# DATA FOR THIS EXERCISE
┄┄┄┄┄┄┄┄┄┄┄┄┄┄┄┄┄┄┄┄
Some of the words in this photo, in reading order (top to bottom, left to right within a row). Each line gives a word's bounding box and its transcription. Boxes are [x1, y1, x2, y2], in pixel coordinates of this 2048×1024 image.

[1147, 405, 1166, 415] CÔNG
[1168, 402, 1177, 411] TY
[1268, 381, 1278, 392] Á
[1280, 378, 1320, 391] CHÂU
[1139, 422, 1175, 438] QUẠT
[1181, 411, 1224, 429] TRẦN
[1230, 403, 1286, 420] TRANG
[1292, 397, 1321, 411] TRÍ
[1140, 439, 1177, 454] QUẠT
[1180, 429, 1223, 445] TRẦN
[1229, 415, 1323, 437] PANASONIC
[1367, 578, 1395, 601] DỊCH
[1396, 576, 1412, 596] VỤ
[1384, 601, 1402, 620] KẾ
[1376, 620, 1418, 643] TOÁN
┄┄┄┄┄┄┄┄┄┄┄┄┄┄┄┄┄┄┄┄
# DIRECTIONS FOR THIS TASK
Transcribe every record above exactly.

# SOLUTION TO THIS TASK
Some of the words in this photo, in reading order (top to bottom, left to right within a row). Each line gives a word's bounding box and its transcription. Boxes are [x1, y1, x2, y2], in pixel coordinates of this 2048×1024 image.

[1147, 405, 1166, 415] CÔNG
[1168, 402, 1177, 411] TY
[1268, 381, 1278, 392] Á
[1280, 378, 1320, 391] CHÂU
[1139, 422, 1175, 438] QUẠT
[1181, 411, 1224, 429] TRẦN
[1230, 403, 1286, 420] TRANG
[1292, 397, 1321, 411] TRÍ
[1140, 439, 1177, 454] QUẠT
[1180, 429, 1223, 445] TRẦN
[1229, 415, 1323, 437] PANASONIC
[1367, 578, 1395, 601] DỊCH
[1396, 576, 1412, 596] VỤ
[1384, 601, 1402, 620] KẾ
[1376, 620, 1418, 643] TOÁN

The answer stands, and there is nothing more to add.